Solera Capital seeks $350m for Fund II

Solera is in the market with its second offering, after successfully taking public its portfolio company Annie’s Homegrown last year.

Solera Capital is seeking $350 million with a $500 million hard-cap for its Fund II, according to meeting documents from the Oregon Investment Council.

The fund targets small buyouts and growth investments between $10 million and $50 million in companies with enterprise values less than $100 million. Solera expects to invest a significant portion of the fund in the US, according to Oregon documents.

In 1999 Molly Ashby, Mary Ellen Hennessy-Jones, Lori Koffman and Karen Mills founded Solera Capital. The latter two women left the firm shortly after its creation and Ashby has remained chairman since its founding. Hennessy-Jones is the firm’s president, according to OIC documents. The two are accompanied by five female managing directors and four junior investment professionals. The Wall Street Journal reported in an article last year that about two-thirds of the firm’s team is female.

Solera Capital declined to comment. The firm is working with Denning & Company on the fundraising, according to OIC documents.
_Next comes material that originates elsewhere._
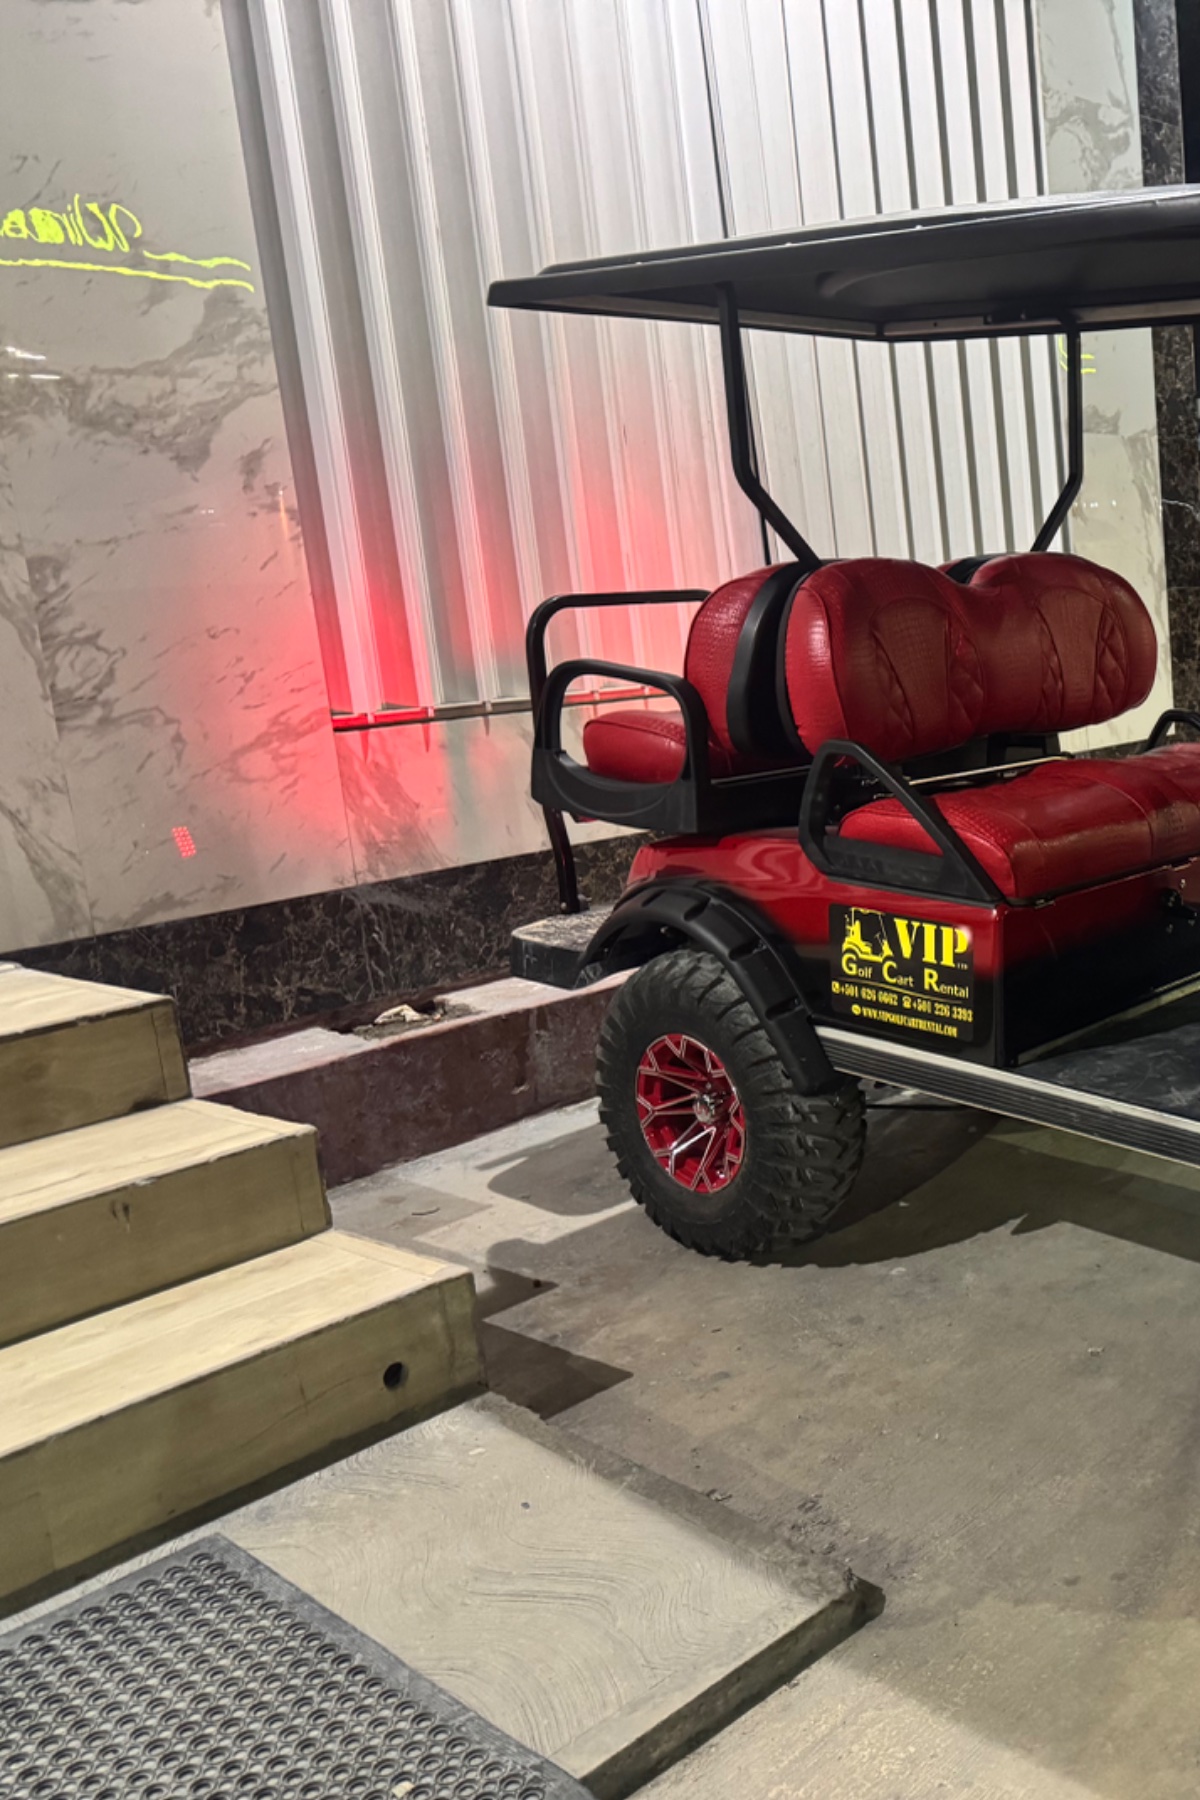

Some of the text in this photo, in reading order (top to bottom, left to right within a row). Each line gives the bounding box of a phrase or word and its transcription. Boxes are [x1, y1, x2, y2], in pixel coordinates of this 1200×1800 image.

Solera targets sectors undergoing change, the documents said. In its first fund, the New York-based firm aimed toward trends such as the demographic shift of the US Hispanic population, organic food and snacks and the growth in “affordable luxury” purchases.

Solera raised its first fund with capital commitments of $245 million between 2000 and 2002.

Fund I has five portfolio companies, including women’s fashion company Calypso St. Barth and food producer Annie’s Homegrown, which provided the bulk of the fund’s performance.

In 2002 Ashby joined Annie’s board of directors and has been the board’s chairman since 2004. Annie’s had a successful initial public offering in 2012 when it priced at $19 and started to trade at $31, according to an article published by The Wall Street Journal. As of Tuesday morning, Annie’s was trading at $39 per share.

In an April 2012 article, The Wall Street Journal called Annie’s “the hottest non-tech IPO,” and said Solera’s $81 million investment had increased to $538.4 million. Solera continues to hold a controlling interest in Annie’s, as reported in a company filing with the US Securities and Exchange Commission.

Solera still owns Calypso St. Barth, which has recently expanded its retail stores to northern California and will open stores in the southern part of the state this summer. By the end of the year, Calypso expects to have 45 locations in the domestic US compared to the 39 stores open now.

The OIC committed $50 million to Solera’s first fund, but has not decided if it will commit to the second. The council is mulling over issues including key man provisions and preferred fees and has no timeline for bringing the potential commitment up for a vote, a spokesperson for the OIC told Private Equity International.